[Aim of the exercise]: Without including any pictures, please copy every entry below exactly.

[Records supplied]:
====================

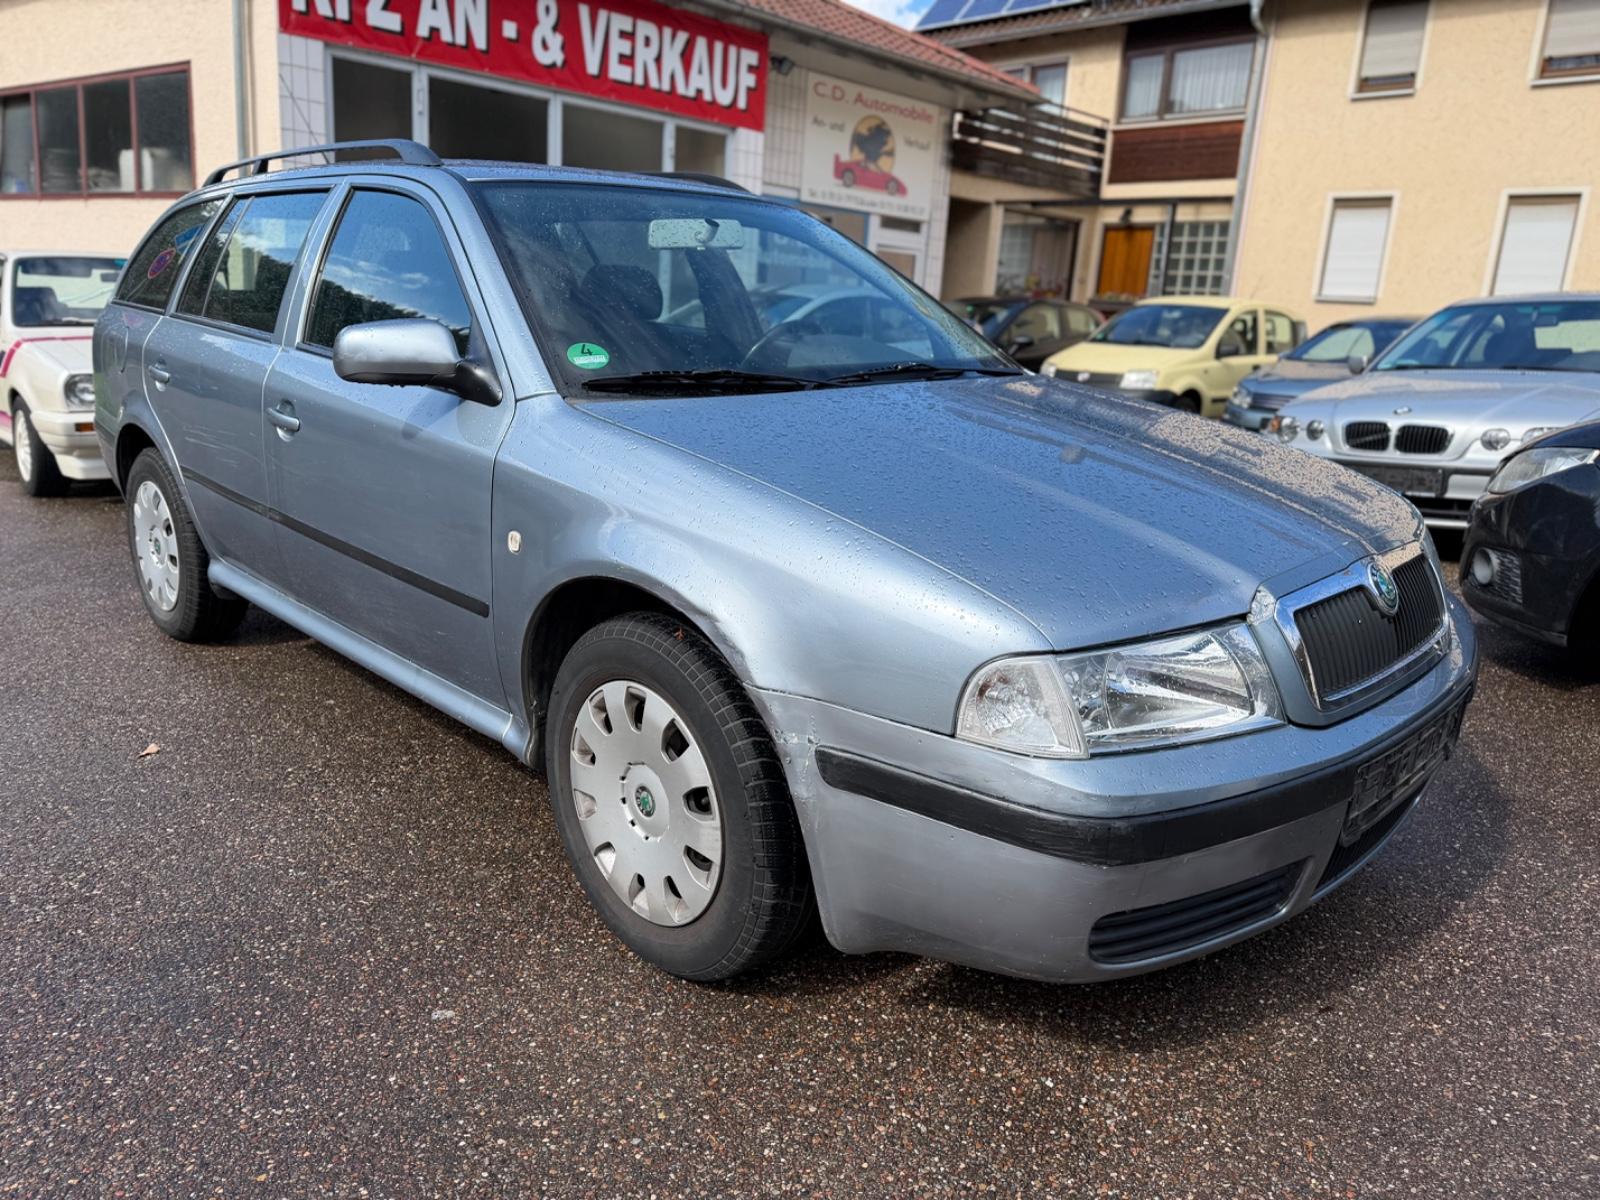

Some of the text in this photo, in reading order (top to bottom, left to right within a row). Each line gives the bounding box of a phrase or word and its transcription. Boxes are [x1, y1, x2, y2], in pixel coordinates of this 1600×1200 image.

[416, 0, 488, 51] AN
[532, 0, 565, 68] &
[578, 3, 760, 110] VERKAUF
[853, 92, 935, 125] Automobile
[581, 344, 593, 356] 4

====================

[Answer space]:
Some of the text in this photo, in reading order (top to bottom, left to right within a row). Each line gives the bounding box of a phrase or word and its transcription. Boxes are [x1, y1, x2, y2], in pixel coordinates of this 1600×1200 image.

[416, 0, 488, 51] AN
[532, 0, 565, 68] &
[578, 3, 760, 110] VERKAUF
[853, 92, 935, 125] Automobile
[581, 344, 593, 356] 4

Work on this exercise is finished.